LPA Mixson asked the Wellness Director if the listed individual is associated to another facility operated by the same license and the LPA was informed that S1 was not.

Based on the information obtained during today's Immediate Exclusion verification visit, The LPA has verified that S1 was not observed or noted on the staff roster to be present at the time of this visit. It is confirmed based on record reviews, observations and interviews the listed individual is not currently present or employed, or residing at the facility currently at the time of this visit. LPA Mixson has advised the Licensee to disassociate the Individual from the roster and to submit an updated LIC 500.

An exit interview was conducted and a copy of this report, along with the LIC 811, was provided to the Wellness Director, Rachel Mcintyre.

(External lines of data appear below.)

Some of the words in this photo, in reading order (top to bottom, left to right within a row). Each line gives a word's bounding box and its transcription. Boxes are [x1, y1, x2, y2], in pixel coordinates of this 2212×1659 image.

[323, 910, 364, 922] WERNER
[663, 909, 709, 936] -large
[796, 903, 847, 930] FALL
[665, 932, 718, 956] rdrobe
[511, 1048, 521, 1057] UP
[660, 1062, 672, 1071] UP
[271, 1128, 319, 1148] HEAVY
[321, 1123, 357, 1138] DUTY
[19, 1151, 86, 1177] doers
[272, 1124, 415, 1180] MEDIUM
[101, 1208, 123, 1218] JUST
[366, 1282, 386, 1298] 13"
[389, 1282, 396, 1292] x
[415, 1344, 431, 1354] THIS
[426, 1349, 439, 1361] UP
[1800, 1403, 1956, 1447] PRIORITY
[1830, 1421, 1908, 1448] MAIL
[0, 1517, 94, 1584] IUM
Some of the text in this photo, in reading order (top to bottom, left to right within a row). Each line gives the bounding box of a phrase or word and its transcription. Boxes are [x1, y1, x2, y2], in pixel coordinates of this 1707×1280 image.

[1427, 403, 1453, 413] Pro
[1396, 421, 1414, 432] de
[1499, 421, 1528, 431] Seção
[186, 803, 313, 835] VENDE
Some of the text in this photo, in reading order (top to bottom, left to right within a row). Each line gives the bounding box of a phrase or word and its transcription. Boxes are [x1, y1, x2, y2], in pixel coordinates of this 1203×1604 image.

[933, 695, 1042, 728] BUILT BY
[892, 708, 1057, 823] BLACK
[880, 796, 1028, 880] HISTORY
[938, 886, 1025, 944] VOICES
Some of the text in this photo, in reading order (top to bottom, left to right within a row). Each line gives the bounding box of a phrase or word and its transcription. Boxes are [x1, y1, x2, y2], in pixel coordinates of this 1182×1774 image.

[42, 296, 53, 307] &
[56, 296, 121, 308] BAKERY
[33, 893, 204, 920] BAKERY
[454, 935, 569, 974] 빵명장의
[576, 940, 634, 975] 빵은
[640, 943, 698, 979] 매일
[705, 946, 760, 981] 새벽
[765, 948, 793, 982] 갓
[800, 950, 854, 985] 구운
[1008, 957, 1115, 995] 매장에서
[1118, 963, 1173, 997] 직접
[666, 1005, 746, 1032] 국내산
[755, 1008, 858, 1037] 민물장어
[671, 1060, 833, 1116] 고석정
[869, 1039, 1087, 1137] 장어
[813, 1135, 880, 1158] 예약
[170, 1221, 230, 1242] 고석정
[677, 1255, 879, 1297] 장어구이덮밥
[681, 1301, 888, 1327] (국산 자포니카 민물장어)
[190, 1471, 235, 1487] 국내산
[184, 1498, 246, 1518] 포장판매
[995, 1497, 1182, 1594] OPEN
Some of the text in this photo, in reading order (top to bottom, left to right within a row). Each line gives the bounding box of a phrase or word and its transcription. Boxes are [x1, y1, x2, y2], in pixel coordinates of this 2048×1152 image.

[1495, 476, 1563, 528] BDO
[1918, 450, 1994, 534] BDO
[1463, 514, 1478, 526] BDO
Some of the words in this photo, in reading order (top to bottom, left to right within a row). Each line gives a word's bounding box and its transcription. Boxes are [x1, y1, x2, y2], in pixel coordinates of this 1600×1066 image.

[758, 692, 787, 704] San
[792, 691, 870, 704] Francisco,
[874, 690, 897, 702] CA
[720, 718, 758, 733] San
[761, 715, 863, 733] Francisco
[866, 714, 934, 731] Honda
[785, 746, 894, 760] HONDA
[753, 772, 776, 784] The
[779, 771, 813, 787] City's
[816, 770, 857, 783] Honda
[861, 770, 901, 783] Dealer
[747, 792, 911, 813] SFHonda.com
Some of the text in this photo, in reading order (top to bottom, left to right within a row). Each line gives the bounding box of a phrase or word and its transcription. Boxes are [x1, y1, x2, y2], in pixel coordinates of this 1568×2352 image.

SUPERVISOR'S NAME: Jazmond D HarrisTELEPHONE: (951) 248-0318
LICENSING EVALUATOR NAME: Venus MixsonTELEPHONE: (951) 897-7936
LICENSING EVALUATOR SIGNATURE:
DATE: 02/08/2024
I acknowledge receipt of this form and understand my licensing appeal rights as explained and received.
FACILITY REPRESENTATIVE SIGNATURE:
DATE: 02/08/2024
This report must be available at Child Care and Group Home facilities for public review for 3 years.